Mitch Garver: The Bat Discipline Surge Is Real, But the Sample Is Tiny
Mitch Garver posted a .452 wOBA over the last seven days, driven by a dramatic strikeout rate collapse — from 26.0% over 30 days down to 11.1% — and a walk rate that ballooned to 33.3%. That's elite plate discipline from a catcher position that's a wasteland in most fantasy leagues. But with only 9 PA in that window and 24 PA over five games total, this is a signal to track, not a signal to chase.
What the Rolling Windows Show
The trend lines are moving in the right direction across every meaningful metric. Here's the progression:
- wOBA: .305 (30D) → .321 (14D) → .452 (7D)
- K%: 26.0% (30D) → 29.2% (14D) → 11.1% (7D)
- BB%: 22.0% (30D) → 29.2% (14D) → 33.3% (7D)
- Hard Hit%: 56.5% (30D) → 56.7% (14D) → 75.0% (7D)
The batting average tells a less exciting story — .167 over the last seven days, .179 over 30 — but average is noisy with this few plate appearances. The underlying approach metrics are far more telling. Garver is making better decisions in the box, laying off pitches he was chasing a few weeks ago, and when he does swing, he's squaring the ball up. His May 14 line — 1-for-3 with a homer, 2 RBI, a walk, and zero strikeouts — is the cleanest game in this stretch.
Skills Check: Can You Trust the Contact Quality?
The 75.0% hard hit rate over the last seven days is eye-catching, though the 89.8 mph exit velocity in that window actually trails his 30-day mark of 92.0 mph.

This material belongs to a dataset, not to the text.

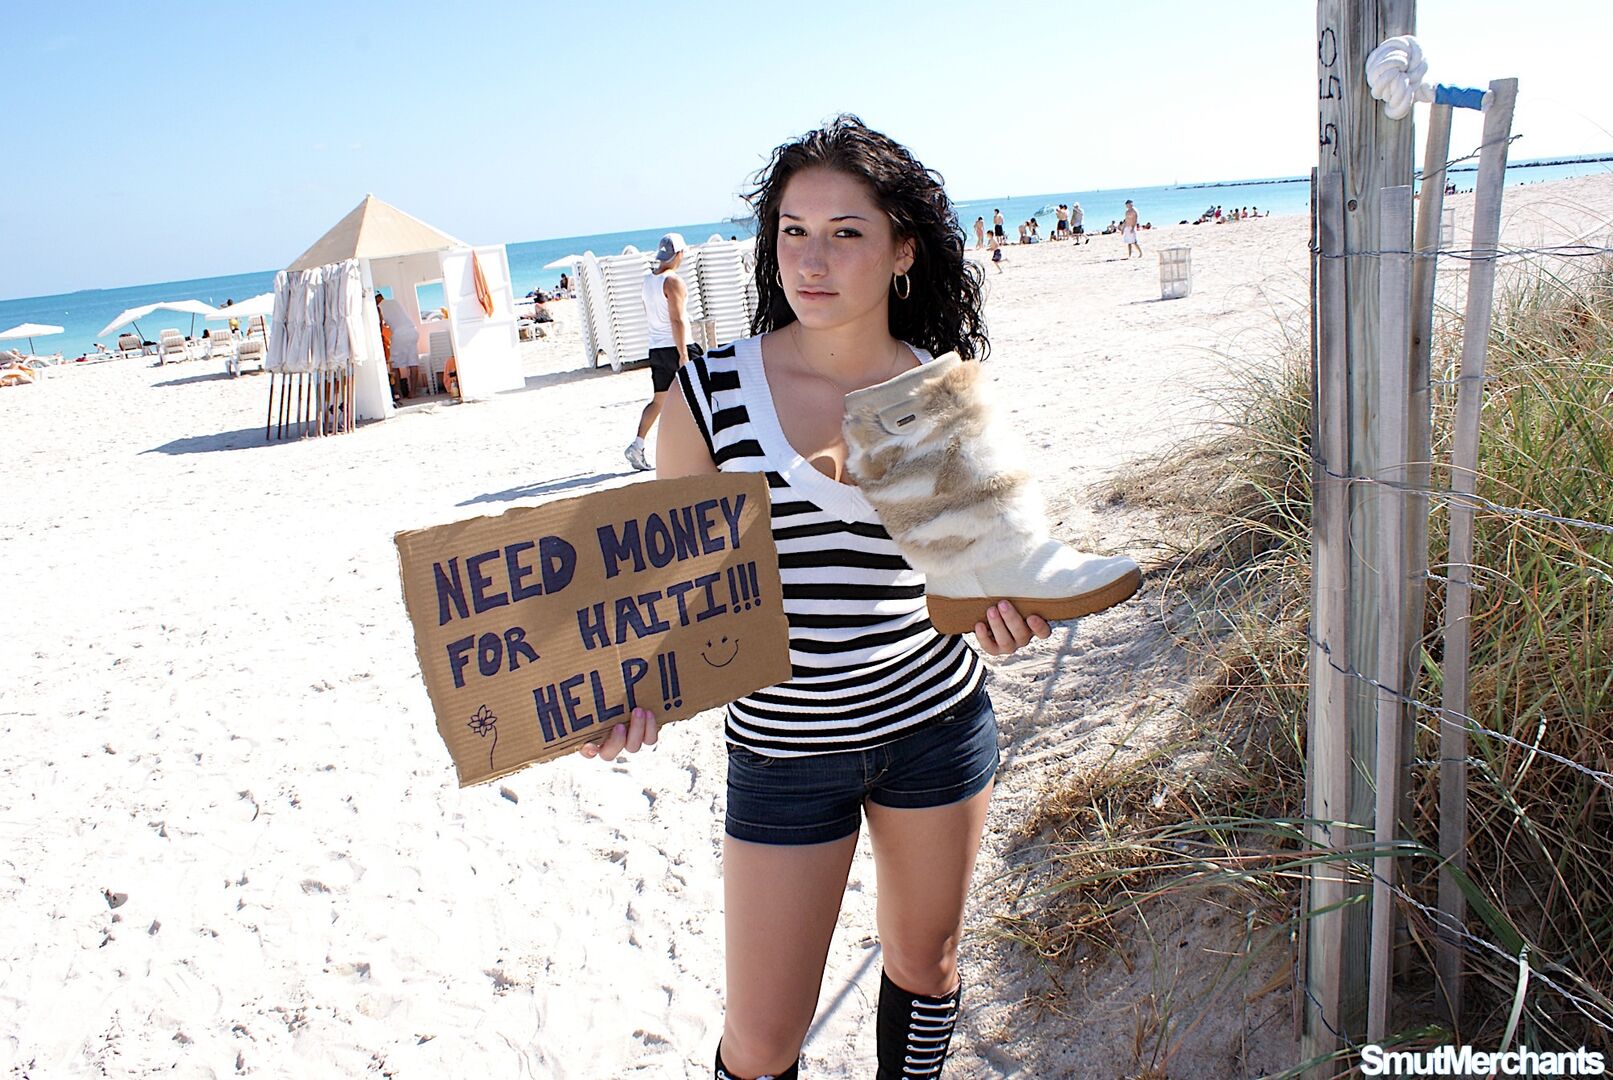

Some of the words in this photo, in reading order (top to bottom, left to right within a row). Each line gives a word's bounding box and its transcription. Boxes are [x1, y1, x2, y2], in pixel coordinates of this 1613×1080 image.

That disconnect suggests some of the hard-hit data may be inflated by the tiny sample, or that his one homer is doing heavy lifting in the quality metrics. The 14-day and 30-day hard hit rates sit at a more reasonable 56.5-56.7% — solid but not elite. The exit velocity at 92-93 mph across the longer windows is genuinely encouraging for a catcher. There's real bat speed here.
Ownership Window and Roster Context
Garver sits at just 1% rostered with stable ownership velocity. Nobody is running to add him. Major publications aren't flagging him either — RotoBaller doesn't list him among recommended pickups, and FanGraphs lists his current role as bench. This is a player flying completely under the radar, which means there's no urgency to act — but also no competition if the signal continues to strengthen.
WaiverScout has been tracking Garver since late April. We flagged him as a Watch on April 25 and again on May 3, downgraded him to deprioritize on May 7 when the numbers softened, and now the signal has re-emerged stronger than before. The plate discipline surge in the last week is the most encouraging data point we've seen across all four checkpoints.
At catcher, the bar is low. If you're streaming the position or stuck with a struggling option, names like Samuel Basallo, Ryan Jeffers, and Shea Langeliers are all more widely rostered alternatives. But Garver's walk rates and contact quality trends could be emerging as a sneaky edge — if they hold.
Verdict: Watch
Do not add Mitch Garver yet. Twenty-four plate appearances over five games is not enough to justify a roster move. But the declining strikeout rate, rising walk rate, and improved hard-hit quality are early signs suggesting something may be shifting in his approach. Monitor over the next 7-10 days. If the K% stays compressed and the hard contact holds with another 20-30 PA of confirmation, this becomes a legitimate add in two-catcher and deeper mixed formats. For now, keep him on your watchlist and let the data come to you.